■ **Requirement**
Your output is to consist only of the line containing "this 1344×1512 image." and the lines after it, through the end of the data, reproduced exactly.

■ **Supplied material**
··········

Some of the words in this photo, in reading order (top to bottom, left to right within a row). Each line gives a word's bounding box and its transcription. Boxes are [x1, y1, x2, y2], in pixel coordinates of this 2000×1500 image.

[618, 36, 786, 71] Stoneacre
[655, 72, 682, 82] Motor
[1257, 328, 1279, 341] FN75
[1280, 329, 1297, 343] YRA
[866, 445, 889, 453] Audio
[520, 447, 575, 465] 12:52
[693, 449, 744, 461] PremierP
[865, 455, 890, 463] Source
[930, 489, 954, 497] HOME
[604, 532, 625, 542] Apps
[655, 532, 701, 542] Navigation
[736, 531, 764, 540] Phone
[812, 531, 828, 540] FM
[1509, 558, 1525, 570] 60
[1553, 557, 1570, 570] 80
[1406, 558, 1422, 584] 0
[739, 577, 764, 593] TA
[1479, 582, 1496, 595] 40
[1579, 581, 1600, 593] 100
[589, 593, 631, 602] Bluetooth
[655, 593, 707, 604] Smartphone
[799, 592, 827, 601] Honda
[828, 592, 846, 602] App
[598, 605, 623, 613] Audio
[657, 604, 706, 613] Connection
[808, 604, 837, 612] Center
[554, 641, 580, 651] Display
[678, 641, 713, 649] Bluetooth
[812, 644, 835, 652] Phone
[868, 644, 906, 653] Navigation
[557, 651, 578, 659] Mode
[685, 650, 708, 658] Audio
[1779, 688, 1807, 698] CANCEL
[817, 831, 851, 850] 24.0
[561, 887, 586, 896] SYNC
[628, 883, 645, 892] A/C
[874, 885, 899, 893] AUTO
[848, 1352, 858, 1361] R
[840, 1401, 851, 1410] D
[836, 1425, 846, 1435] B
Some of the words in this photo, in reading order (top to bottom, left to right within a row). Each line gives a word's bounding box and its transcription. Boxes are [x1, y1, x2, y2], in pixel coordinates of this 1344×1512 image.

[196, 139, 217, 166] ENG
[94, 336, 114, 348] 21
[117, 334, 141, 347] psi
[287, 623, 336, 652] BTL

··········

■ **Worked solution**
Some of the words in this photo, in reading order (top to bottom, left to right within a row). Each line gives a word's bounding box and its transcription. Boxes are [x1, y1, x2, y2], in pixel coordinates of this 1344×1512 image.

[196, 139, 217, 166] ENG
[94, 336, 114, 348] 21
[117, 334, 141, 347] psi
[287, 623, 336, 652] BTL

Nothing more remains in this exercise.